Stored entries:
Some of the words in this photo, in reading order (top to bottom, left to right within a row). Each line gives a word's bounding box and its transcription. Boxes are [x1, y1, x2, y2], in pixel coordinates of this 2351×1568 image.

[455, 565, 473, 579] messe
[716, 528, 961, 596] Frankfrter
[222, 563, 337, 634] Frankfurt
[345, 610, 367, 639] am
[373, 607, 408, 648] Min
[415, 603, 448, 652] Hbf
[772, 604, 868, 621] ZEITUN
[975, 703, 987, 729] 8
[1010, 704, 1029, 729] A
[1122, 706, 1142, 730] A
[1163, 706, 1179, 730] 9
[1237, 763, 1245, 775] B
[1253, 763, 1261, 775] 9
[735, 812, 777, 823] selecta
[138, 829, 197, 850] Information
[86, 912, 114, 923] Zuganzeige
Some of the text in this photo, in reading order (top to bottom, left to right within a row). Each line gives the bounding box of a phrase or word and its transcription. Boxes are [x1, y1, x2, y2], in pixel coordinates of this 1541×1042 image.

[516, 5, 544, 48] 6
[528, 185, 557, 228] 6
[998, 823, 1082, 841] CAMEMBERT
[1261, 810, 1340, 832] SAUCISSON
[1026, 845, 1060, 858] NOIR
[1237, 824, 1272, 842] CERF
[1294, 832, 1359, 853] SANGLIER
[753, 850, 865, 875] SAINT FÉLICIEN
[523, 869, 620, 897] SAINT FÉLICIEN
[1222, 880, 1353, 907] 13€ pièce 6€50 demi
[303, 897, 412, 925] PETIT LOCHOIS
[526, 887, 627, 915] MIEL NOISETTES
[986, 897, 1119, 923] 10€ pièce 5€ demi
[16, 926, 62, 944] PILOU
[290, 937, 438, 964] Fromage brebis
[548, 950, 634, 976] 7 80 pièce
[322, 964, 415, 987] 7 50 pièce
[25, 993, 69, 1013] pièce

Requirement: From the line containing "Some of the text" to the final line of the entries, print every line exactly and nothing else.

Worked solution:
Some of the text in this photo, in reading order (top to bottom, left to right within a row). Each line gives the bounding box of a phrase or word and its transcription. Boxes are [x1, y1, x2, y2], in pixel coordinates of this 1541×1042 image.

[516, 5, 544, 48] 6
[528, 185, 557, 228] 6
[998, 823, 1082, 841] CAMEMBERT
[1261, 810, 1340, 832] SAUCISSON
[1026, 845, 1060, 858] NOIR
[1237, 824, 1272, 842] CERF
[1294, 832, 1359, 853] SANGLIER
[753, 850, 865, 875] SAINT FÉLICIEN
[523, 869, 620, 897] SAINT FÉLICIEN
[1222, 880, 1353, 907] 13€ pièce 6€50 demi
[303, 897, 412, 925] PETIT LOCHOIS
[526, 887, 627, 915] MIEL NOISETTES
[986, 897, 1119, 923] 10€ pièce 5€ demi
[16, 926, 62, 944] PILOU
[290, 937, 438, 964] Fromage brebis
[548, 950, 634, 976] 7 80 pièce
[322, 964, 415, 987] 7 50 pièce
[25, 993, 69, 1013] pièce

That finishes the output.